2025-08-27 23:02:52

lmarena-ai/arena-hard-auto-v0.1

---

license: apache-2.0

dataset_info:

features:

- name: question_id

dtype: string

- name: category

dtype: string

- name: cluster

dtype: string

- name: turns

list:

- name: content

dtype: string

splits:

- name: train

num_bytes: 251691

num_examples: 500

download_size: 154022

dataset_size: 251691

configs:

- config_name: default

data_files:

- split: train

path: data/train-*

---

## Arena-Hard-Auto

**Arena-Hard-Auto-v0.1** ([See Paper](https://arxiv.org/abs/2406.11939)) is an automatic evaluation tool for instruction-tuned LLMs. It contains 500 challenging user queries sourced from Chatbot Arena.

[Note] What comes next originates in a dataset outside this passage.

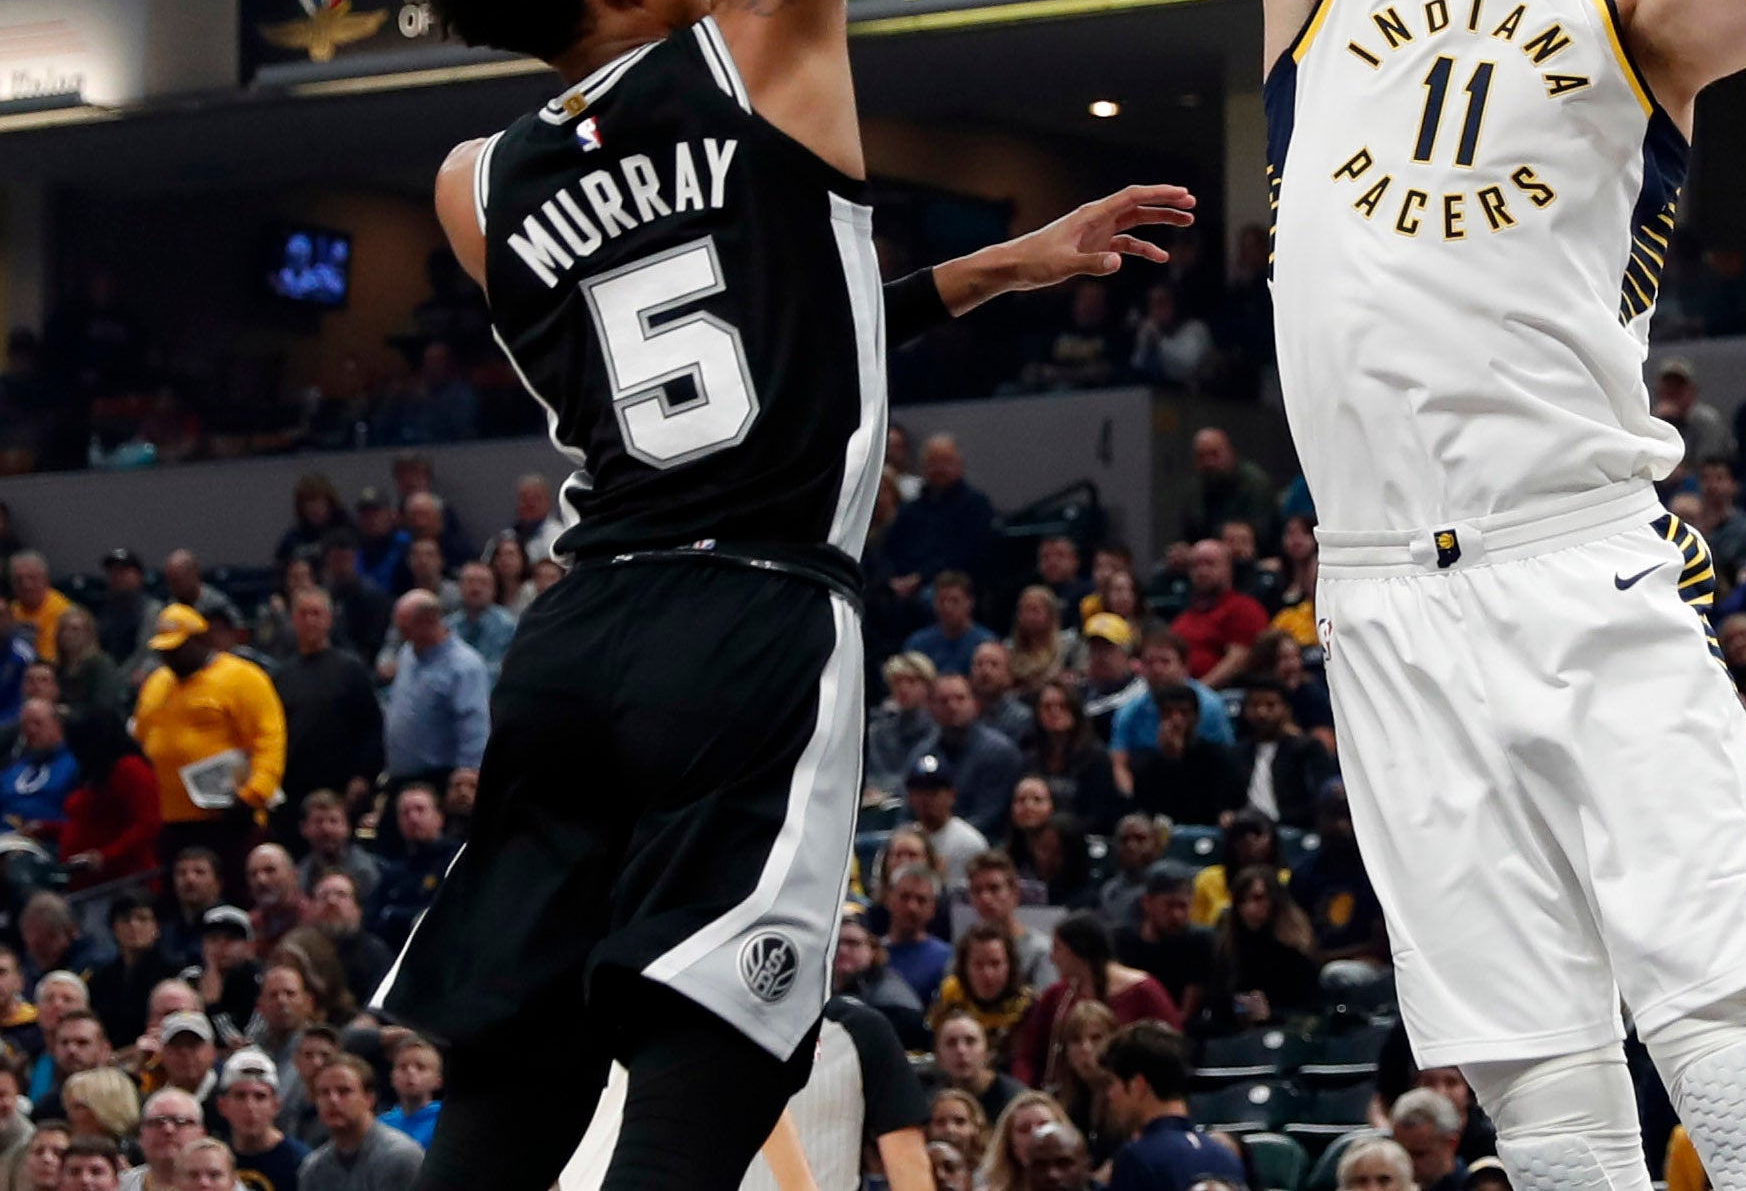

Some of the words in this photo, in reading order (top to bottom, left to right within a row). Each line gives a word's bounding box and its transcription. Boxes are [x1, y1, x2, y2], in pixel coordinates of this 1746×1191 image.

We prompt GPT-4-Turbo as judge to compare the models' responses against a baseline model (default: GPT-4-0314). Notably, Arena-Hard-Auto has the highest *correlation* and *separability* to Chatbot Arena among popular open-ended LLM benchmarks ([See Paper](https://arxiv.org/abs/2406.11939)). If you are curious to see how well your model might perform on Chatbot Arena, we recommend trying Arena-Hard-Auto.

Please checkout our GitHub repo on how to evaluate models using Arena-Hard-Auto and more information about the benchmark.

If you find this dataset useful, feel free to cite us!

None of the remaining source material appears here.